Cela implique donc qu’il continue d’exister, à l’échelle macrosociale, un déséquilibre pécuniaire entre homme et femme, qui se répercute dans le couple. Cela a pour conséquence de hiérarchiser le couple, ce qui peut mener à des jeux de pouvoir figés et à des impasses relationnelles mortifères pour le couple.
La Loi ne peut évidemment pas tout et nombre de couples parviennent à s’affranchir de ces limites par leur organisation interne. Ce n’est néanmoins pas toujours le cas.
Il reste des combats à mener sur le plan juridique, au niveau sociétal.
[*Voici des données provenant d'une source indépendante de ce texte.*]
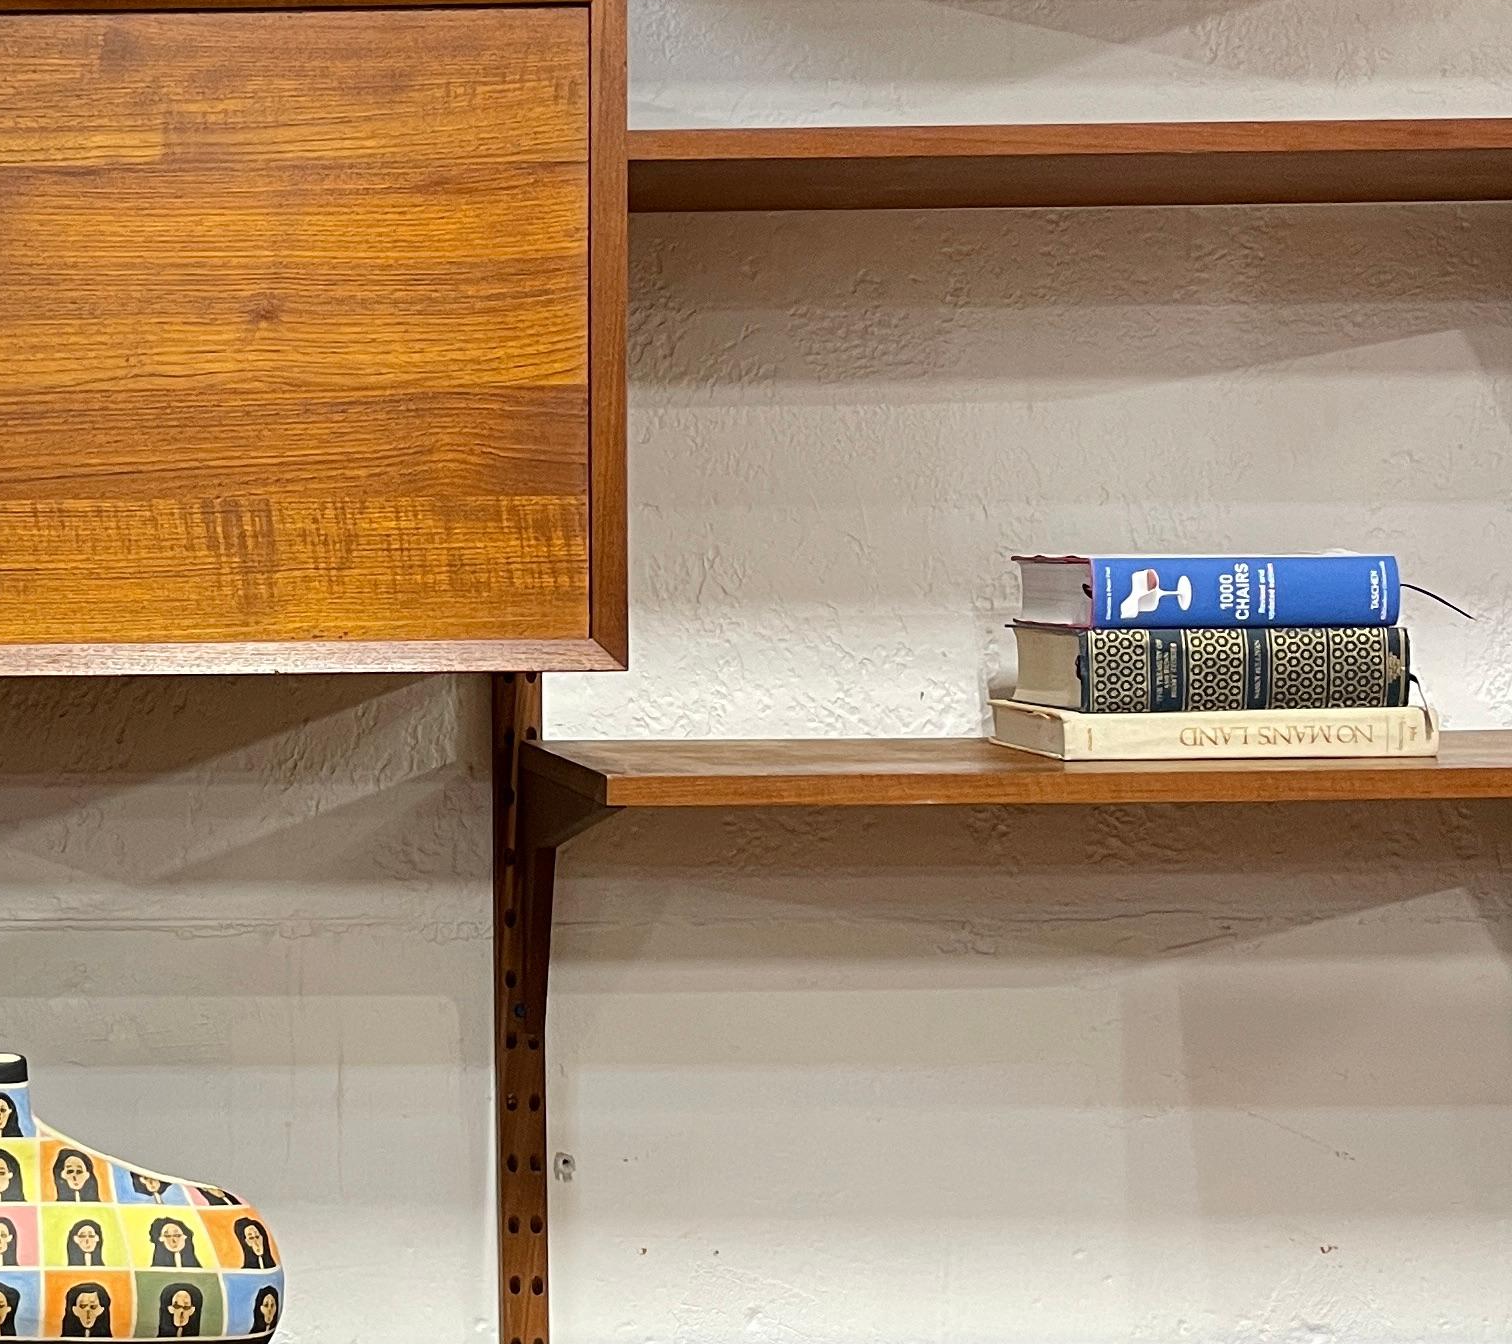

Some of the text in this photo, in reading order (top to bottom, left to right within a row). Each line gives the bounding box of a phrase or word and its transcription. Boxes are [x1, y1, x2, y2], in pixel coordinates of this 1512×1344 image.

[1219, 574, 1234, 610] 1000
[1234, 563, 1250, 620] CHAIRS
[1370, 570, 1379, 610] TASCHEN
[1178, 726, 1249, 747] LAND
[1336, 724, 1374, 744] NO
Pour nous, thérapeutes du couple, la connaissance et la compréhension de ce bain social patriarcal dans lequel nous vivons est éclairante car, si nous nous rappelons que le couple est la plus petite entité sociale, nous allons plus aisément identifier les enjeux sociétaux qui se joue dans ce microcosme qu’est le couple, notamment au travers d’enjeux de pouvoir parfois extrêmement puissants.
(1) – A la question qu’est-ce qu’un Code civil ? Portalis, un des rédacteurs du Code, a répondu : « c’est un corps de lois destinées à diriger et à fixer les relations de sociabilité, de famille et d’intérêt qu’ont entre eux les hommes qui appartiennent à la même cité. »
Jean Etienne Marie PORTALIS, Discours préliminaire sur le projet du code civil, Edition de 1804.